Quick take — A reusable Terraform module for Azure Elastic SAN on azurerm ~> 4.0: provision the SAN, size base/extra TiB, carve volume groups with private endpoints, and expose iSCSI targets to your VMs and AKS. New here? Jump to the Quickstart below to deploy it in minutes; read on for how it works and when to reach for it.
Quickstart (copy-paste)
Minimal, runnable configuration — drop this in a .tf file and fill in the "..." placeholders (each required input is commented):
provider "azurerm" {
features {}
}
module "elastic_san" {
source = "git::https://dev.azure.com/teknohut/kloudvin/_git/terraform-modules//terraform-module-azure-elastic-san?ref=v1.0.0"
name = "..." # Name of the Elastic SAN (3-63 chars, lowercase alphanum…
resource_group_name = "..." # Resource group that will hold the SAN.
location = "..." # Azure region (Elastic SAN is region-limited).
base_size_in_tib = 0 # Provisioned base capacity in TiB (carries performance),…

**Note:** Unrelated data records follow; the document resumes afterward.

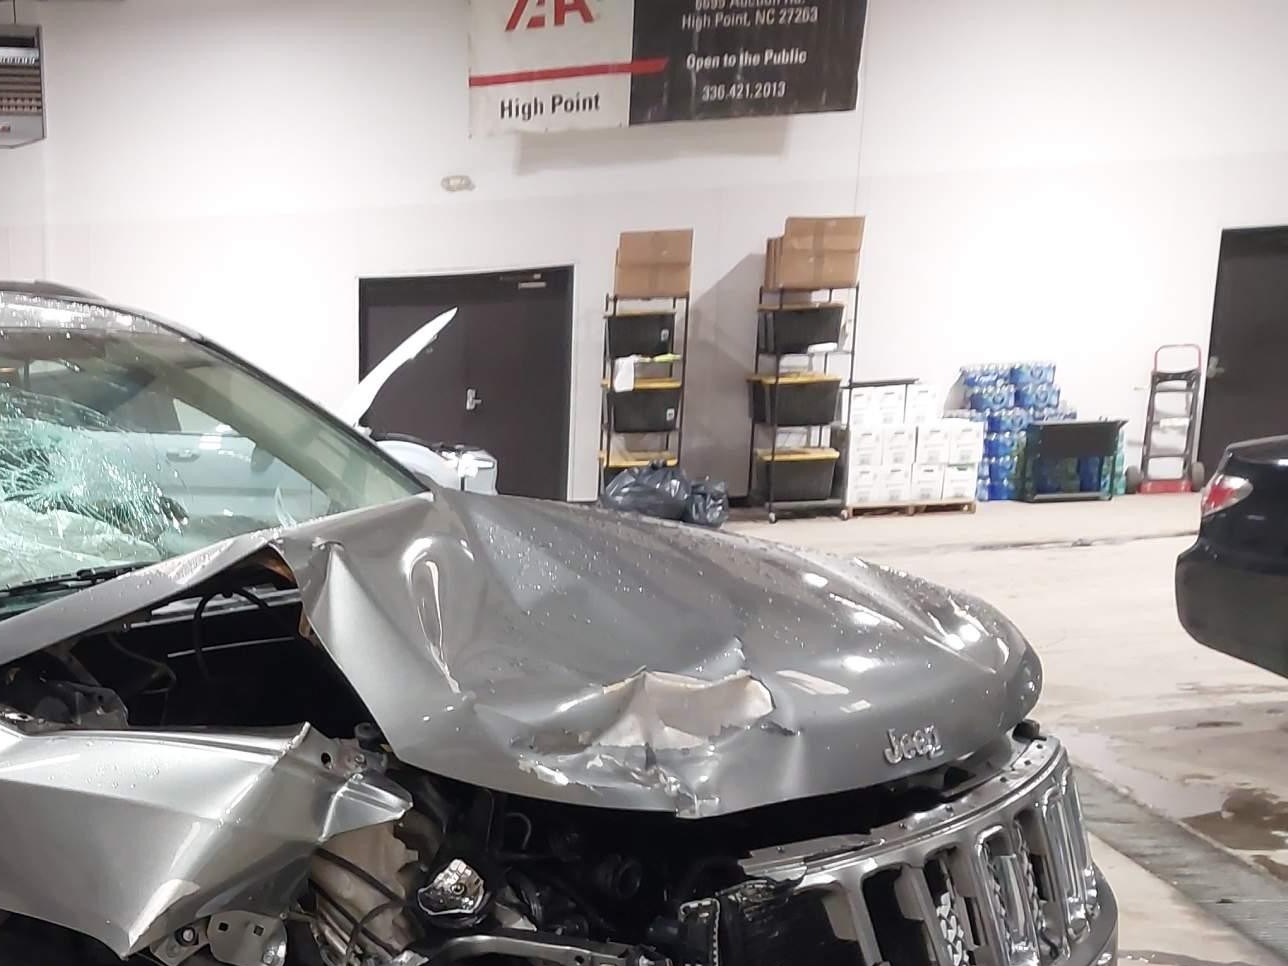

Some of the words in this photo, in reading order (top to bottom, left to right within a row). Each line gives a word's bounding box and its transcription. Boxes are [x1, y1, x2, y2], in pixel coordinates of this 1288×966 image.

[681, 13, 711, 32] High
[714, 10, 752, 28] Point,
[755, 8, 775, 25] NC
[686, 52, 721, 72] Open
[723, 52, 737, 68] to
[739, 49, 761, 67] the
[764, 47, 808, 66] Public
[500, 96, 544, 121] High
[551, 91, 601, 115] Point
[883, 724, 945, 764] Jeep

volume_groups = {} # Volume groups with per-group network/encryption posture…
}
Then terraform init && terraform apply. Every other input has a sensible default — see Inputs below to override behaviour.
What this module is
Azure Elastic SAN is a fully managed, cloud-native storage area network. Instead of attaching one managed disk per VM, you provision a single SAN appliance with a pool of capacity, slice that pool into volume groups, and carve individual volumes that are exposed as iSCSI targets. Multiple compute clients — IaaS VMs, VMSS, or AKS nodes via the CSI driver — connect to those targets over the storage network. The big wins are shared throughput/IOPS that can be dynamically distributed across volumes, large scale (hundreds of TiB from one resource), and a billing model split into base capacity (provisioned performance) and additional capacity (cheaper, capacity-only).

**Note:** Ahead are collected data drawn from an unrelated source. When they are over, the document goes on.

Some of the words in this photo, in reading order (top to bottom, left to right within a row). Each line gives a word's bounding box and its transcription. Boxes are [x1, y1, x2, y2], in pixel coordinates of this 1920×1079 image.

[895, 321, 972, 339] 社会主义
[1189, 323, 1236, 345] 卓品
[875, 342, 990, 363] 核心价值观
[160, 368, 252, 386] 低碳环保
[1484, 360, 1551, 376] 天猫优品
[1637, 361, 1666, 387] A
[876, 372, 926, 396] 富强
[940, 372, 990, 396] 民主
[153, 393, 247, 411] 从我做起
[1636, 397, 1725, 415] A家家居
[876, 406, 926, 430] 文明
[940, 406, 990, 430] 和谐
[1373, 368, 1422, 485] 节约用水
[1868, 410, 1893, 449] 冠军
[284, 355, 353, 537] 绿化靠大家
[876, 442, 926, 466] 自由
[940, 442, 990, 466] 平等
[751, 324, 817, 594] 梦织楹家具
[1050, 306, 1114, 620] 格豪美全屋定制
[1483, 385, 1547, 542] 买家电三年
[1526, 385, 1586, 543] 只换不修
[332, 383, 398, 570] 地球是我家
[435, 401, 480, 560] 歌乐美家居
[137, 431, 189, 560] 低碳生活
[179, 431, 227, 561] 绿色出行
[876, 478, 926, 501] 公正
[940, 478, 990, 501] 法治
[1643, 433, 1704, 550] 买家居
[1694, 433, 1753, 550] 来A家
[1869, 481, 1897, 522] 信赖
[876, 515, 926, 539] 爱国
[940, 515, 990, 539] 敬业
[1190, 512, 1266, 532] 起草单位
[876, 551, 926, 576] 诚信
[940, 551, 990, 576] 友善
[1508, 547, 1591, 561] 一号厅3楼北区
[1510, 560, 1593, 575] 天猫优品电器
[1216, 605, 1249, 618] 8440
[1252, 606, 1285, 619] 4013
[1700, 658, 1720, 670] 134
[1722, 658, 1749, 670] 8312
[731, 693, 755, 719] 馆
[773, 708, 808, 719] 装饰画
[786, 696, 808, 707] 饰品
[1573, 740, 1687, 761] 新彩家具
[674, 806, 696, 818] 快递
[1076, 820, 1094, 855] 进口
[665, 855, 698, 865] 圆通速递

The raw provider surface is fiddly: capacity is expressed in TiB with a minimum base size, SKU encodes both tier and redundancy (Premium_LRS vs Premium_ZRS), volume groups own the network ACLs and encryption settings, and each volume’s size_in_gib interacts with the SAN’s total provisioned TiB. Wrapping azurerm_elastic_san, azurerm_elastic_san_volume_group, and azurerm_elastic_san_volume in one module gives you validated inputs (no more “ZRS is only valid in some regions” surprises), consistent naming, optional private-endpoint lockdown per volume group, and clean outputs (the SAN id, volume ids, and the iSCSI target IQNs) that downstream compute can consume directly.
When to use it
- You need shared, scalable block storage for clustered workloads (SQL FCI, SAP, Kafka/Cassandra) where many nodes attach iSCSI LUNs from one managed pool.

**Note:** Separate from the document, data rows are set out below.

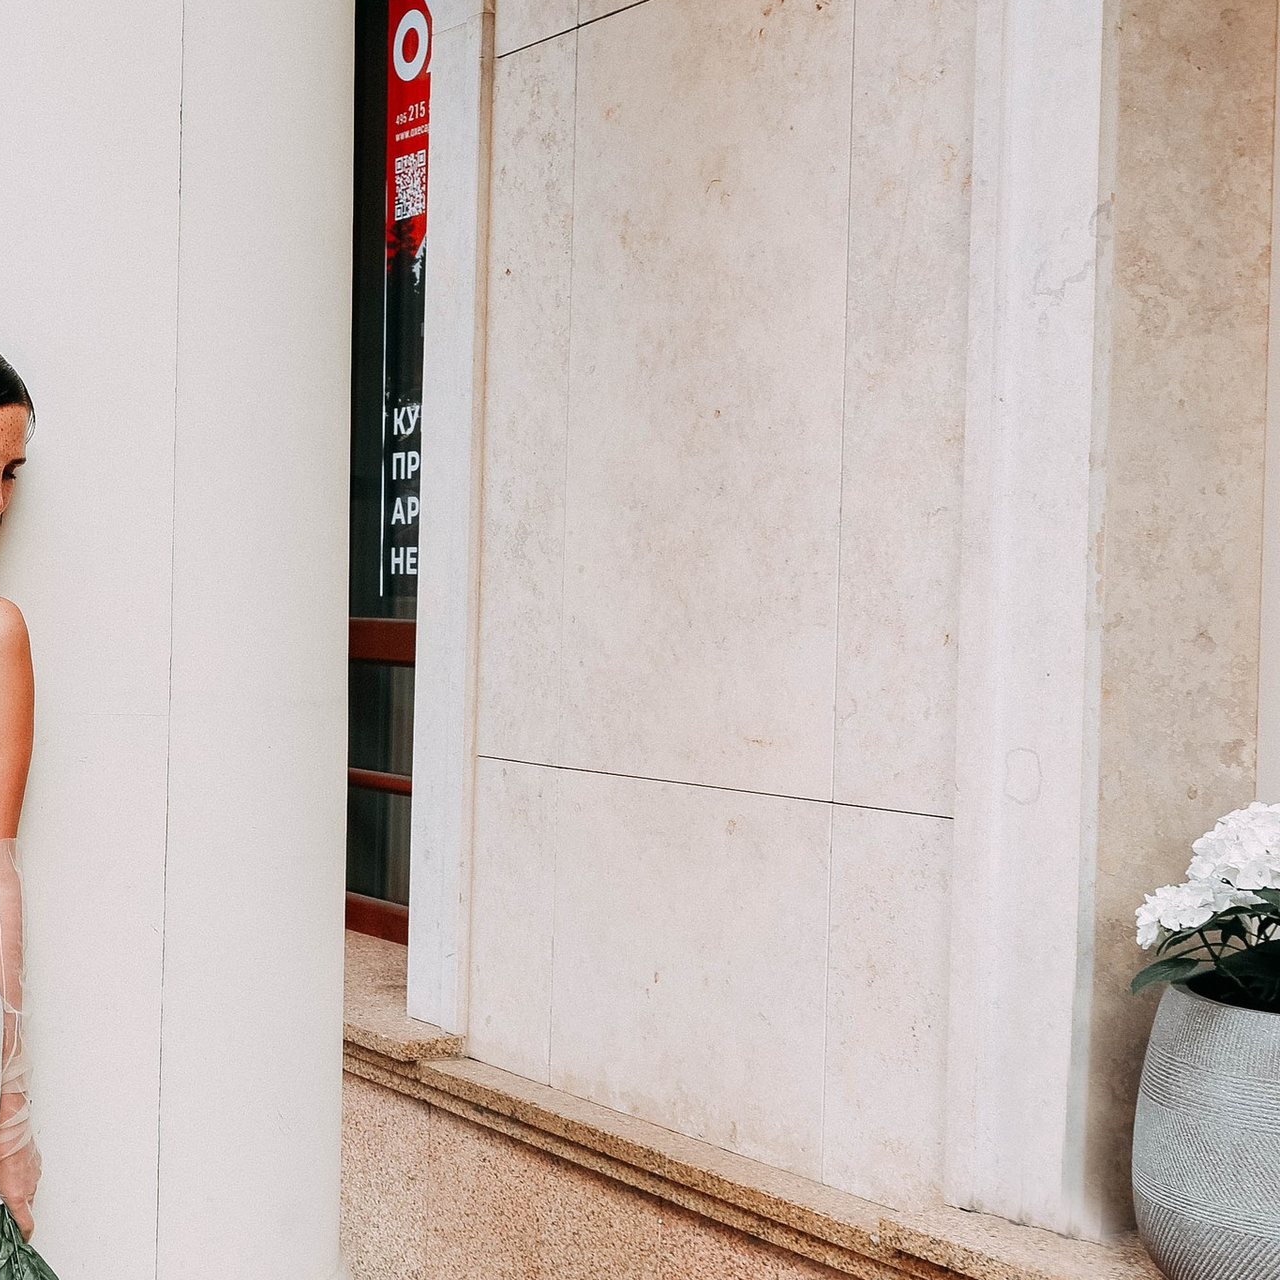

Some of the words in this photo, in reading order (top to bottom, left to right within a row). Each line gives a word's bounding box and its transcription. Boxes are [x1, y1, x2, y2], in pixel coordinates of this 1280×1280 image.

[396, 112, 407, 125] 495
[408, 101, 425, 121] 215
[393, 406, 420, 435] КУ
[392, 451, 420, 480] ПР
[391, 496, 419, 525] АР
[391, 547, 418, 575] НЕ

- You are consolidating dozens of individual premium managed disks and want a single capacity pool with dynamically shared performance and simpler cost accounting (base TiB + additional TiB).
- You run AKS and want persistent volumes backed by Elastic SAN via the CSI driver, with the SAN’s network locked to the cluster’s subnets.
- You want zone-redundant block storage (
Premium_ZRS) without managing replication yourself, and need it reproducible across dev/test/prod via code. - You do not need Elastic SAN if a handful of standalone managed disks already satisfy your IOPS/capacity — the SAN’s base capacity has a minimum spend that only pays off at scale.
Module structure
terraform-module-azure-elastic-san/
├── versions.tf # provider + Terraform version pins
├── main.tf # elastic_san + volume_group(s) + volume(s) + optional private endpoints
├── variables.tf # var-driven inputs with validation
└── outputs.tf # SAN id/name, volume group ids, volume ids + iSCSI targets
# versions.tf
terraform {
required_version = ">= 1.5.0"
required_providers {
azurerm = {
source = "hashicorp/azurerm"
version = "~> 4.0"
}
}
}
# main.tf
# Map zone -> SKU-compatible value is encoded via the sku_name variable.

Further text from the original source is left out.